-------- GIVEN RECORDS --------
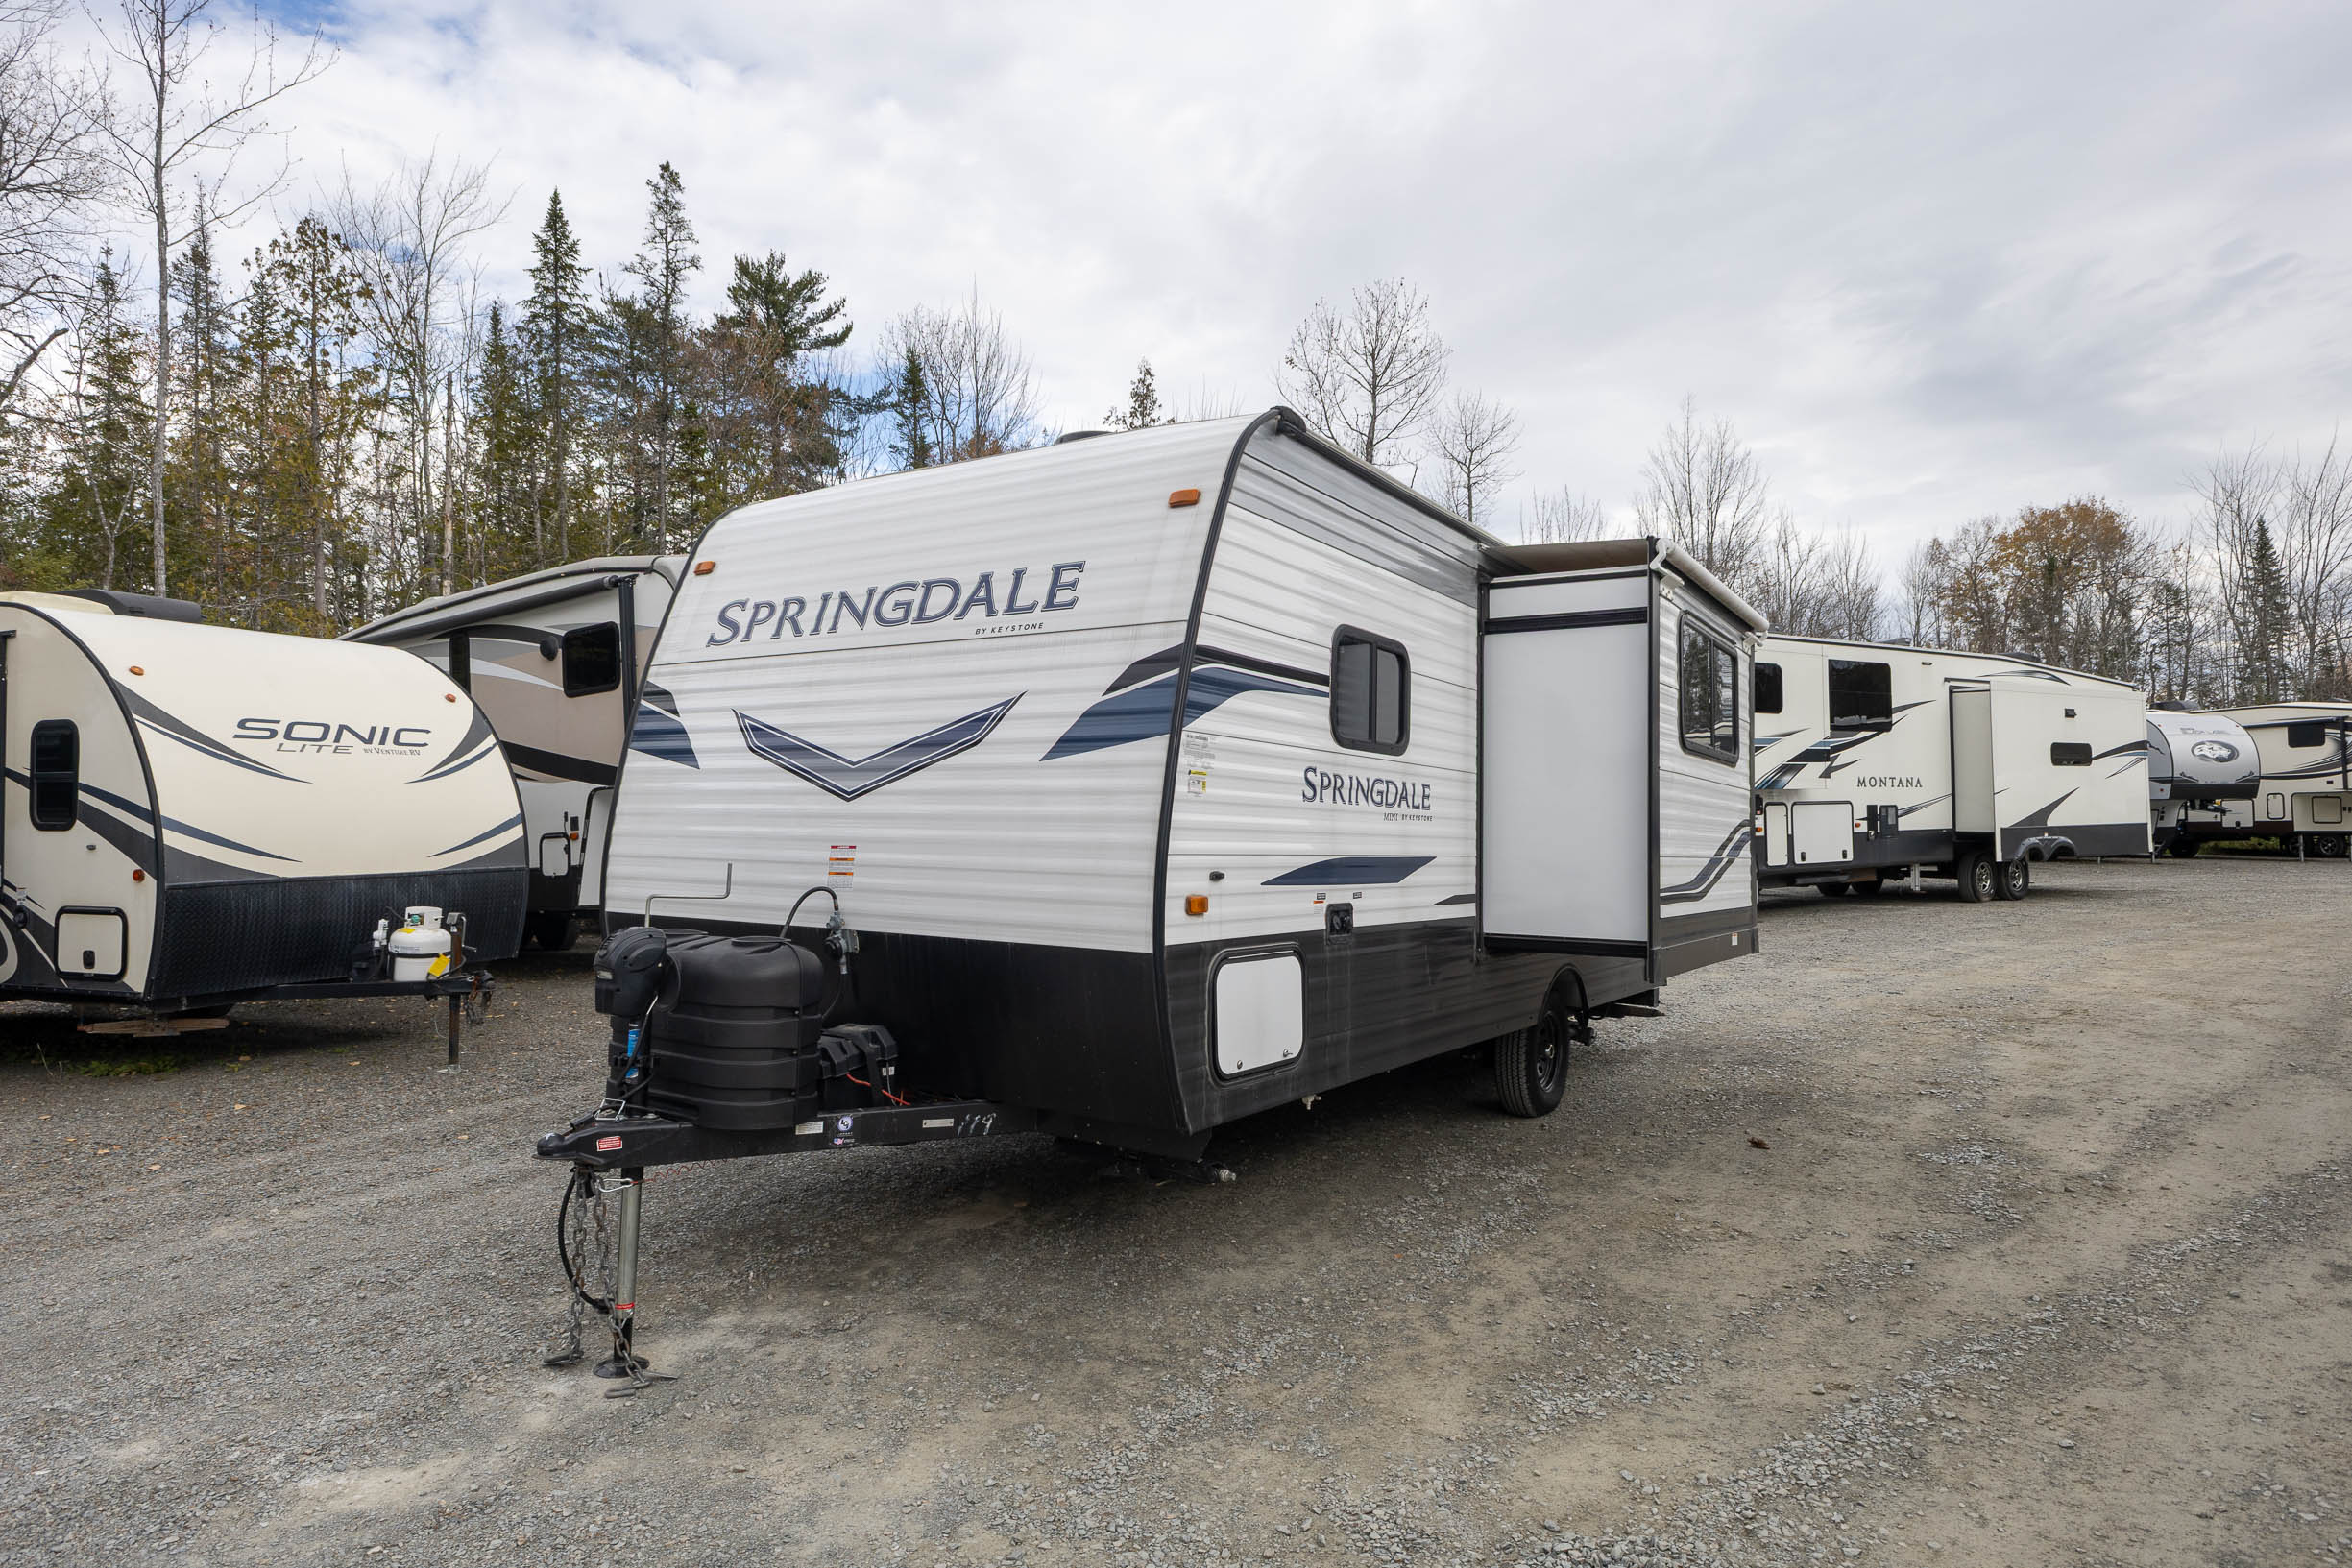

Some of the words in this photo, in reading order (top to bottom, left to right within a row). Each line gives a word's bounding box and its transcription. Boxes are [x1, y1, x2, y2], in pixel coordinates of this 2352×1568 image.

[706, 560, 1086, 648] SPRINGDALE
[991, 622, 1044, 634] KEYSTONE
[232, 718, 431, 747] SONIC
[277, 742, 354, 754] LITE
[1302, 766, 1431, 810] SPRINGDALE
[1856, 776, 1923, 788] MONTANA
[1384, 812, 1398, 821] MINI
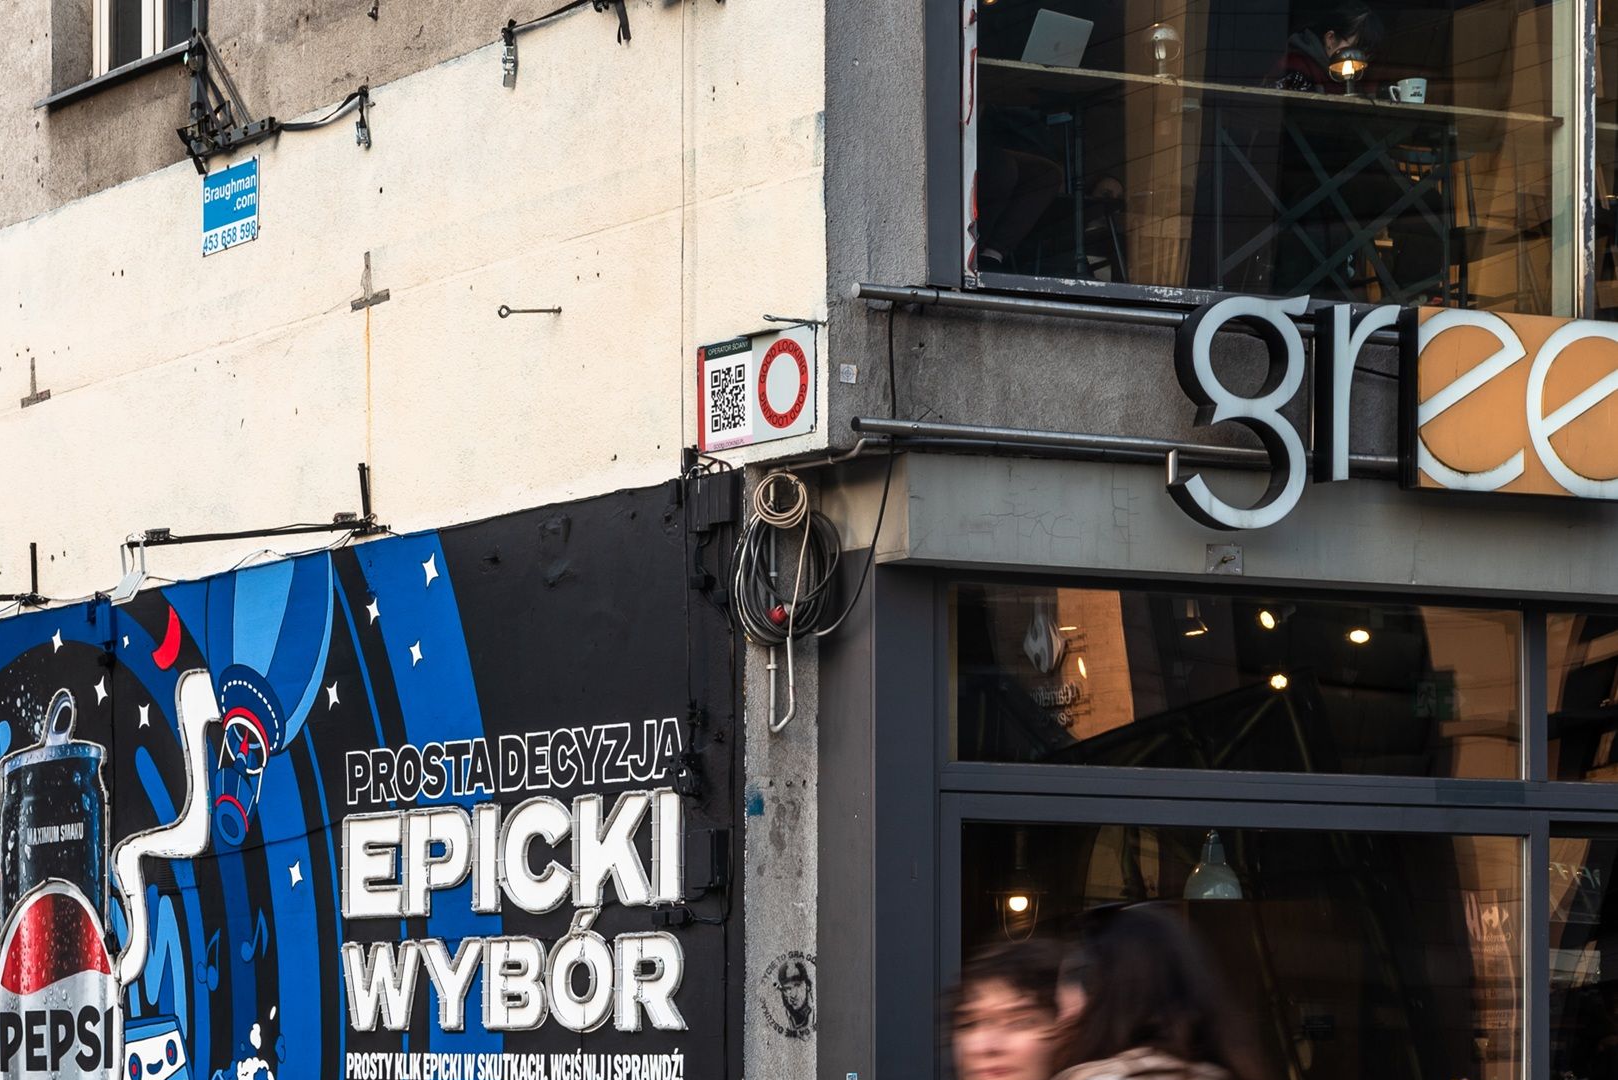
--------
Whatever pictures the entries contain, omit them, and write the rest out exactly.

■ **OUTPUT BELOW**
Some of the words in this photo, in reading order (top to bottom, left to right within a row). Each line gives a word's bounding box and its transcription. Boxes are [x1, y1, x2, y2], in pixel coordinates of this 2352×1568 image.

[706, 560, 1086, 648] SPRINGDALE
[991, 622, 1044, 634] KEYSTONE
[232, 718, 431, 747] SONIC
[277, 742, 354, 754] LITE
[1302, 766, 1431, 810] SPRINGDALE
[1856, 776, 1923, 788] MONTANA
[1384, 812, 1398, 821] MINI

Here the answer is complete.